I hightail it out of that classroom like there’s a fire licking at my heels.

I’m not running — technically — but it’s a near thing. My strides are too long, too sharp. My breath comes shallow, clipped. My pulse thunders in my ears so loudly I’m half convinced other people can hear it.

I don’t know what just happened in there.

But it was definitely something.

Something that hit me so hard I’m still vibrating from the impact.

My fingers tingle — not faintly, not fading. The place where they brushed his skin still feels branded, like a live wire ran straight through me and forgot to turn off. The sensation crawls up my arm in hot, electric pulses, settling somewhere deep in my chest.

And his scent. Gods.

Sweet and tart, like grapefruit cut open under warm sunlight, drizzled with honey and something darker underneath — something rich and magnetic. It wraps around my senses again in memory, thick and undeniable.

It cut through my suppressants like they were air.

Like they were nothing.

Like they were never meant to work on him in the first place.

I smelled his pheromones.

Clearly. Sharply. Intimately.

That shouldn’t be possible.

Suppressants don’t just fail. Not like that. Not all at once. Not for me. I’ve never had an issue before — never even a flicker of someone else’s scent, pheromones have always felt like a scentless cloud. And yet, one accidental brush of skin and suddenly my body reacted like it had been waiting for that exact moment.

My stomach flips again at the memory.
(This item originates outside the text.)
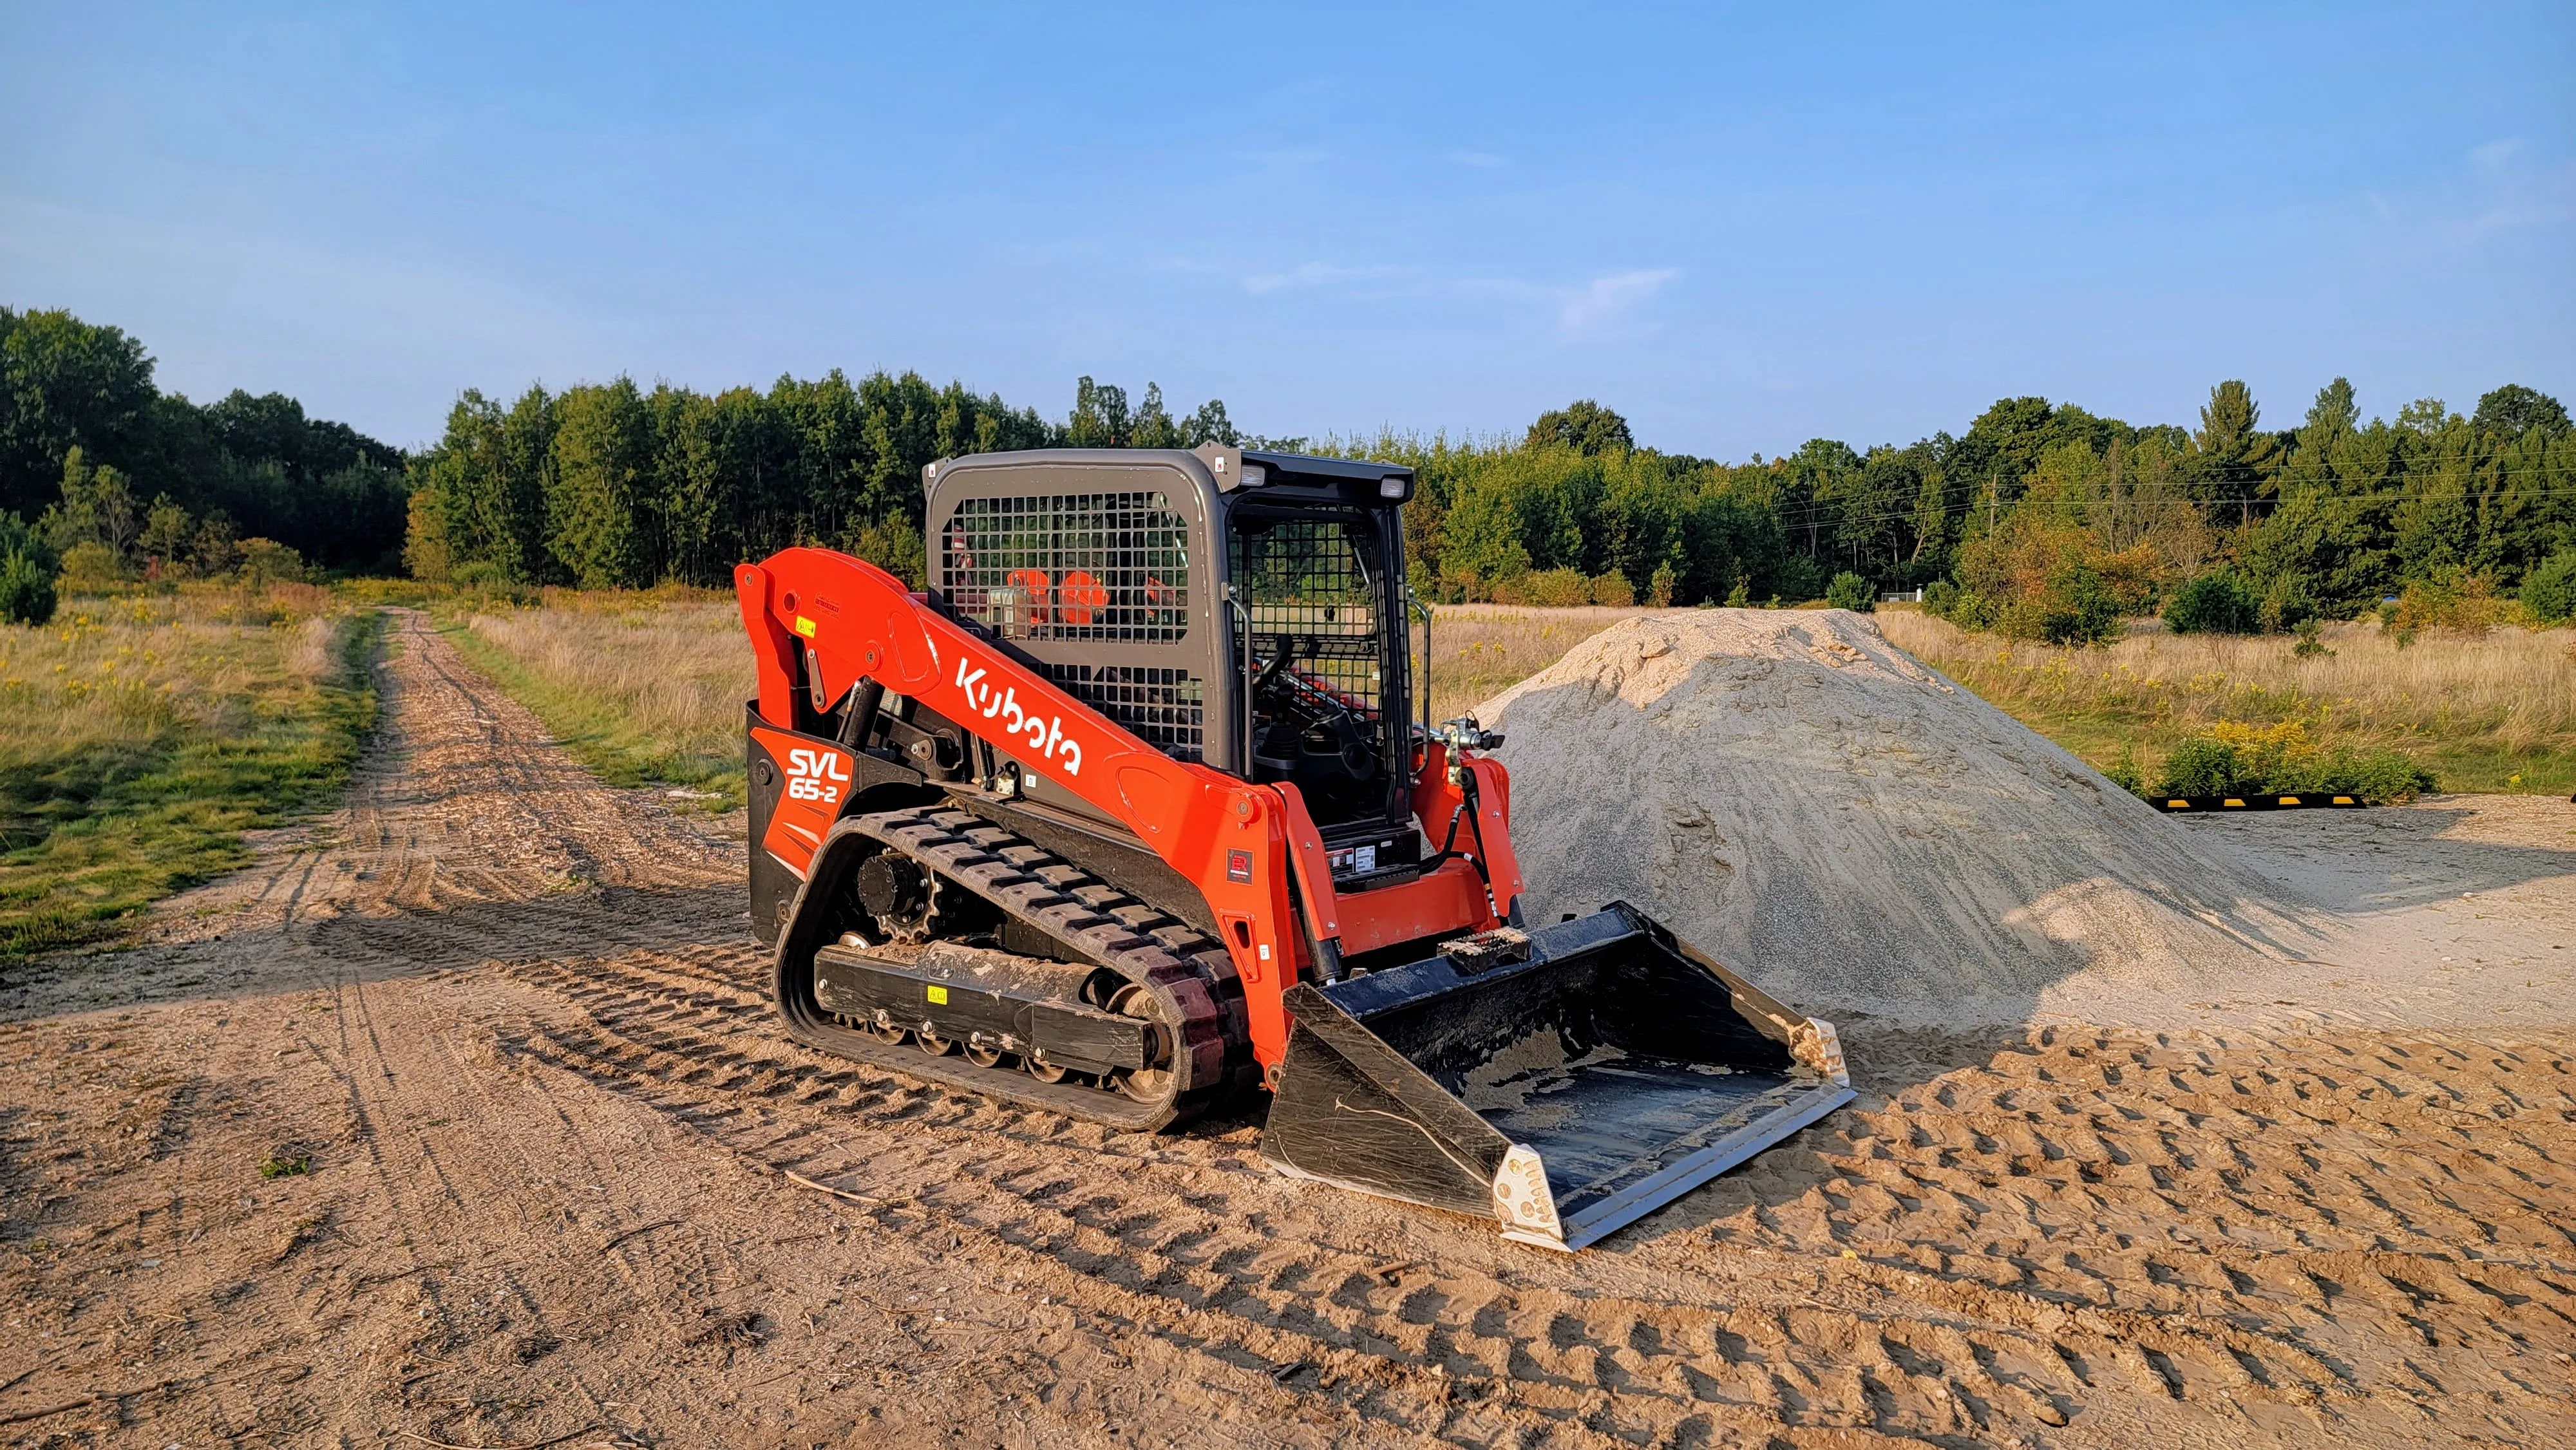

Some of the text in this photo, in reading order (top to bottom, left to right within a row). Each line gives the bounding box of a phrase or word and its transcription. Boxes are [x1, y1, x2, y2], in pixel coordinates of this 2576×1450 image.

[956, 657, 1081, 776] Kubota
[787, 749, 848, 781] SVL
[789, 777, 837, 803] 65-2
My lungs tighten. Heat creeps up my throat.

I shake my head hard, as if I can physically dislodge the sensation. No. No, absolutely not. I will not spiral about pheromones in the middle of the hallway.

Focus on the good news.

The amazing news.

I made TA.

I MADE TA!

A grin splits across my face so wide it almost aches. The adrenaline shifts, transforms — less electric shock, more effervescent champagne. I’m practically floating now, buoyed by disbelief and pride and sheer, unfiltered joy.

I don’t even register Sandy walking beside me until she speaks. “What’s got you wearing that happy smile?”

I whip my head toward her, startled. “Oh! You scared me — I didn’t even see you there. I’m sorry.” I clutch the stack of papers to my chest like they might fly away, bouncing on my toes. “I’m just really happy because I made TA!”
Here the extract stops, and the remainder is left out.